Stanford’s Aria system has greatly helped to unite radiation oncology care, he asserts. “It means that a physician can go to a terminal anywhere in the dept, sometimes from home or on the road, and by using properly protected communications protocols, can check some details of the [treatment plan for a] patient,” Brain notes. “So the fact that it’s all in one place is fantastic and has really helped our workflow.”
It’s a big improvement over former piecemeal systems made my different vendors, he says. Aria is able to communicate with other systems in the department—such as its PET/CT simulator or CT simulator—and pull out the details needed to make treatment calculations, Brain says.
Clinical flows are quite complicated, Brain says, and involve scanning, outlining, planning and treating. Data flow is a multistep process: CT images are fed into the central server; the outlining workstation pulls those images out and a specialist will outline tumor margins; this data are then saved on the central server; the planning system then pulls the images and outlined tumor margins and a plan is calculated by an oncologist; finally, at the accelerator, the plan is downloaded and used for treatment.
“Everything to and from a central server is the optimal way of doing things,” states Brain, adding that having all components from one vendor eliminates data translation or DICOM-compatibility problems.
Multispecialty reach
George Laramore, MD, PhD, a Peter Wootton professor and chair of the department of radiation oncology at the University of Washington Medical Center in Seattle, says oncologists, radiologists, surgeons, multidisciplinary tumor boards, as well as the physicians who individually see patients, uses their Elekta Impac ROIS.
The system is used for diagnosis, to locate tumors, for staging purposes, to look at possible interventions and then decide which are preferable in terms of tumor control and side effects, Laramore says. In addition, radiation oncologists use it for treatment planning.
The centralized information system unites the oncology care team, he says. The Impac ROIS allows access to diagnostic images stored on the facility’s GE Healthcare Centricity PACS. “You simply pull up a patient’s name and you see what images are stored there,” Laramore says.

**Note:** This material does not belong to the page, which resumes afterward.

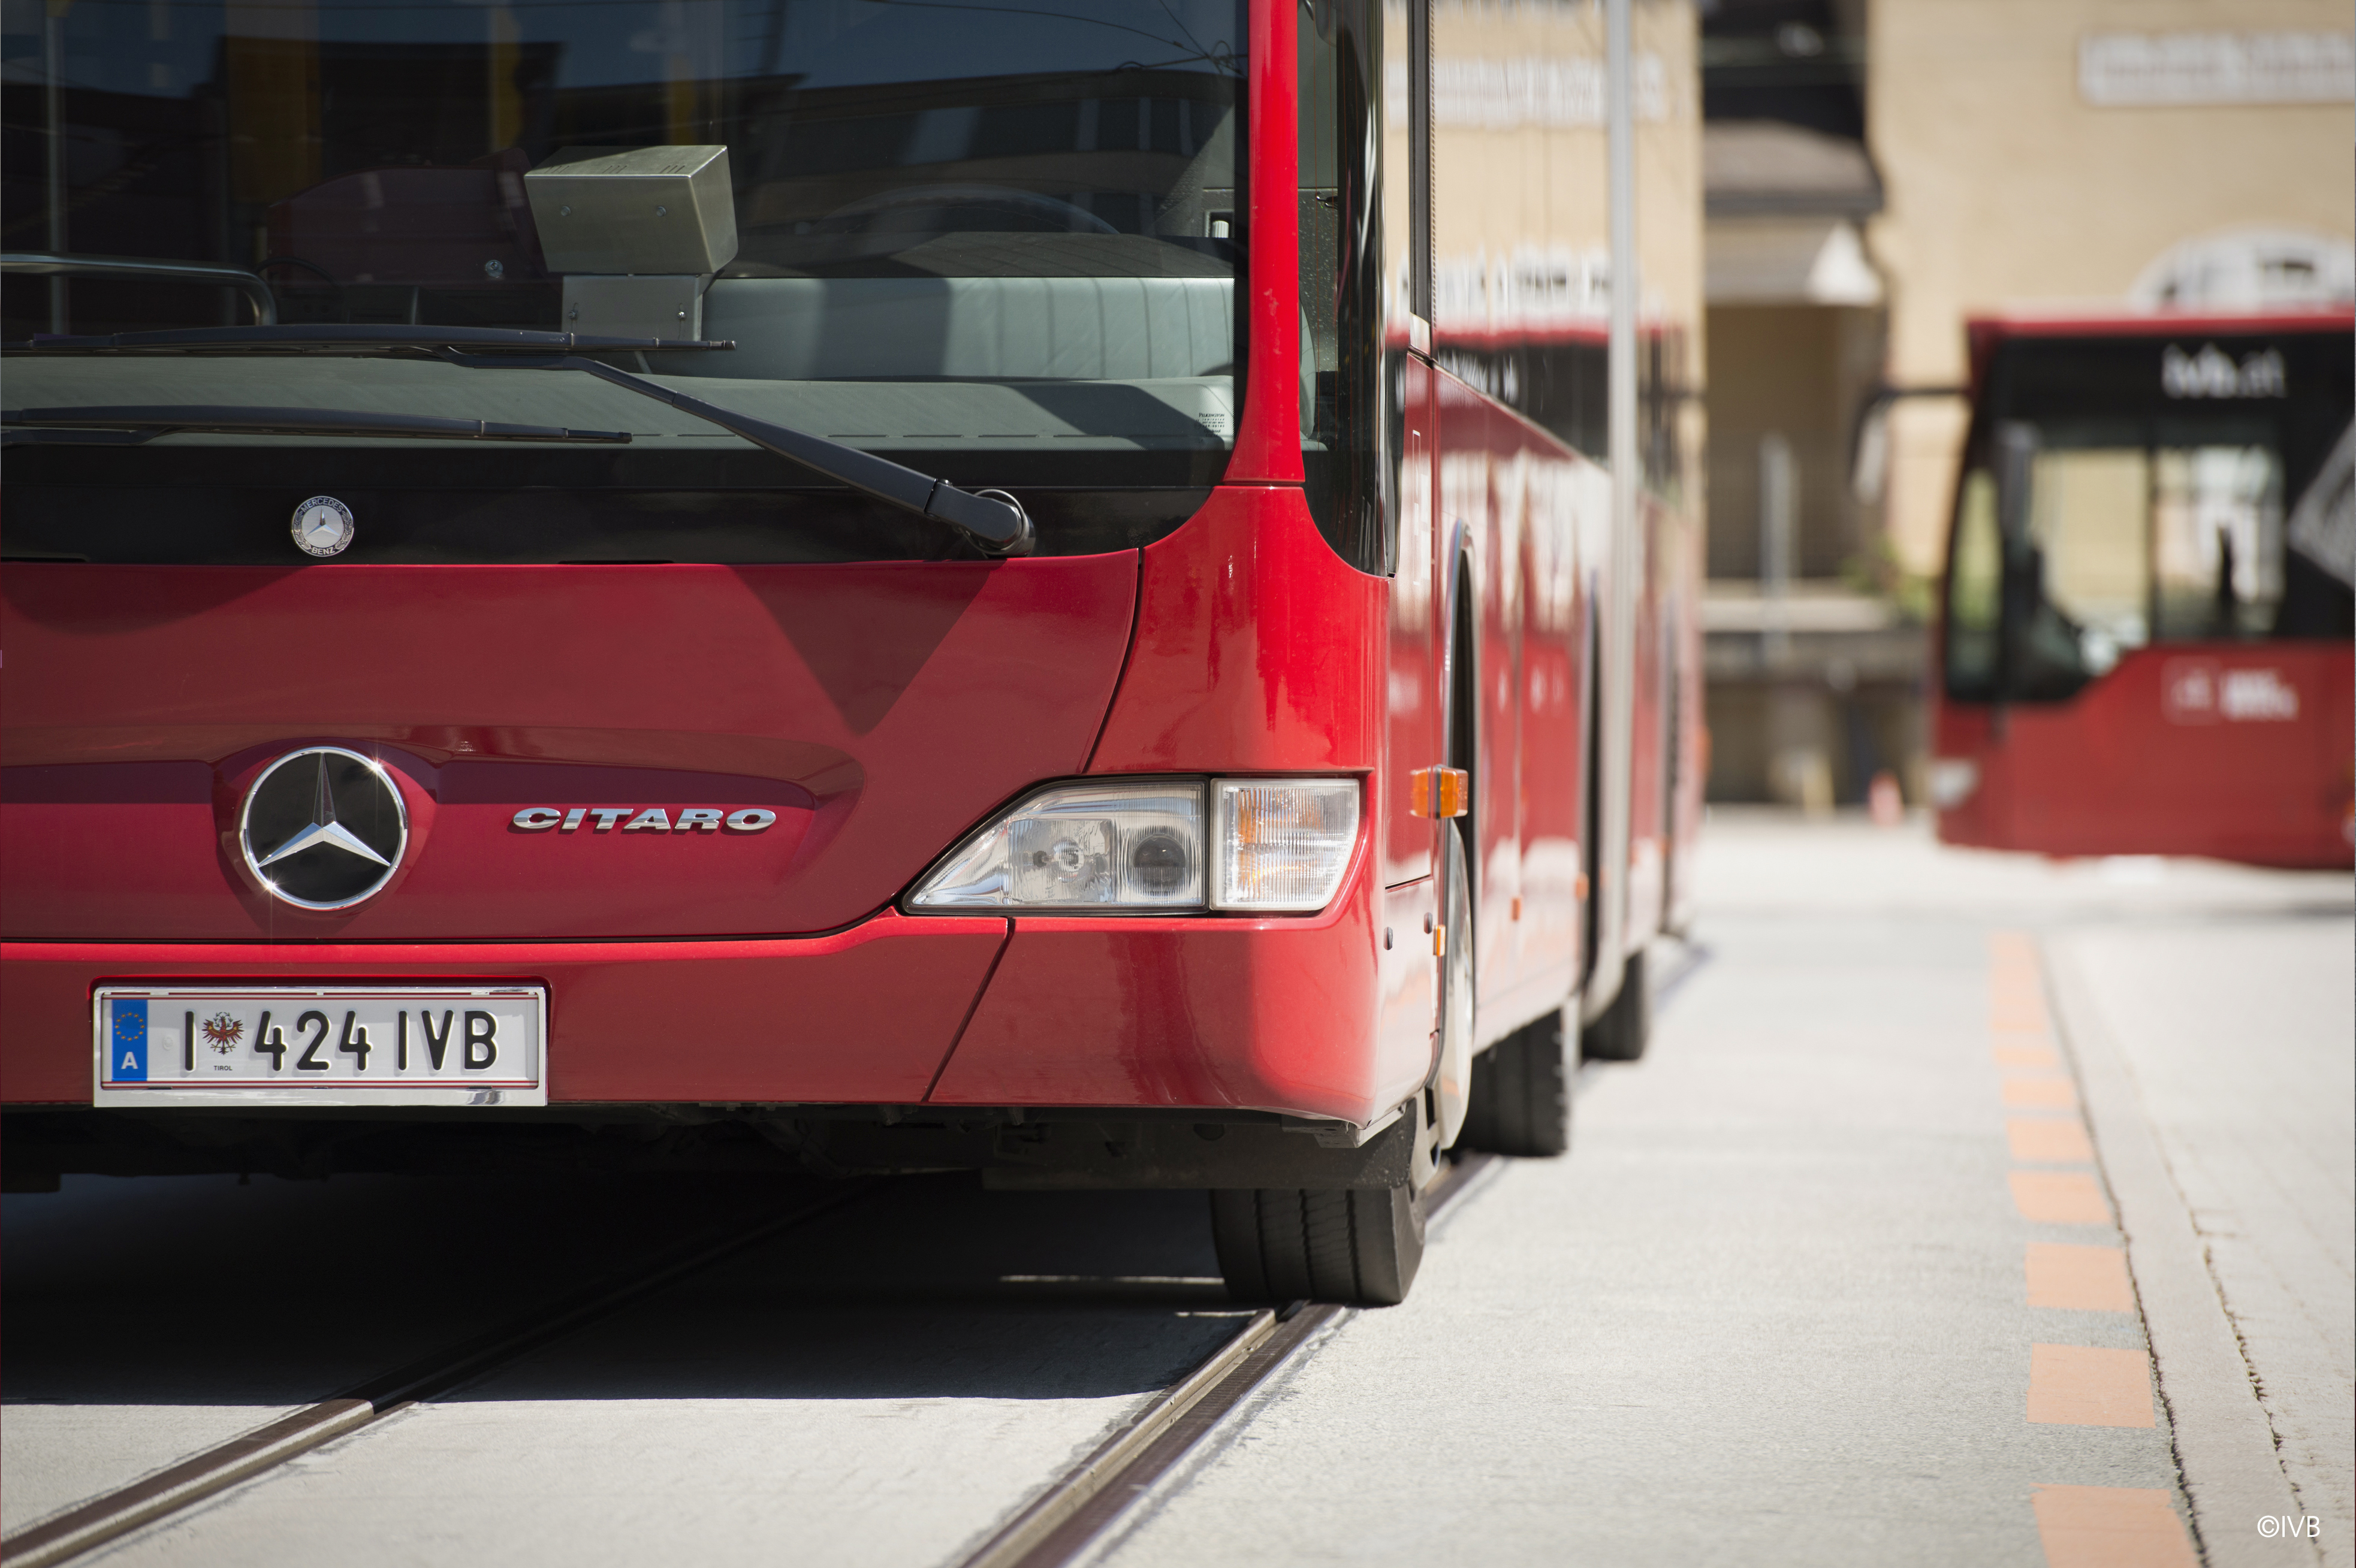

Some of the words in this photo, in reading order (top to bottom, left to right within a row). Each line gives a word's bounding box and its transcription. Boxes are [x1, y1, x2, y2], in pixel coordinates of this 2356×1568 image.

The ROIS-PACS integration works seamlessly except when the images are not taken in-house, and patients come in with CDs, which take a few days to upload into the PACS, he notes.
The ROIS serves multiple hospitals: the Seattle Cancer Care Alliance; the Harborview Medical Center; the University of Washington Medical Center; and all nine of the University of Washington primary care physician network sites that can access it.
All of the facilities have access to the same PACS; but for radiation oncology, the portal images are stored on an Impac data server that’s not integrated with the PACS.
“It’s a separate system, not for diagnosis, but for validation of daily treatments,” Laramore explains.
Both Laramore and Brain note that their ROIS has a similar issue: there’s too much data to manage.
“In most cases, I don’t need all the information I’m getting on the images,” says Laramore. “What I want to do is use the images to validate that I’m treating the volume that I want. If I can do that validation without acquiring all these gigabytes of data, I’d be happy because I can’t store them. I’m never going to look at them. So we need to have some way of filtering the information so it gives the clinician the answer to the question that’s being posed.”
Observes Brain, “For me, as the IT guy, it means the image sets have become 10 times bigger, and the amount of information we’re having to store in our server is exploding, and you can’t throw any away because maybe the MD wants to look at it later.”
The most valuable commodity in a radiation therapy practice is the radiation oncologist’s time. As patient volume continues to increase, technology solutions such as a ROIS offer a department a tool for ensuring the efficient and effective allocation of their most precious resource.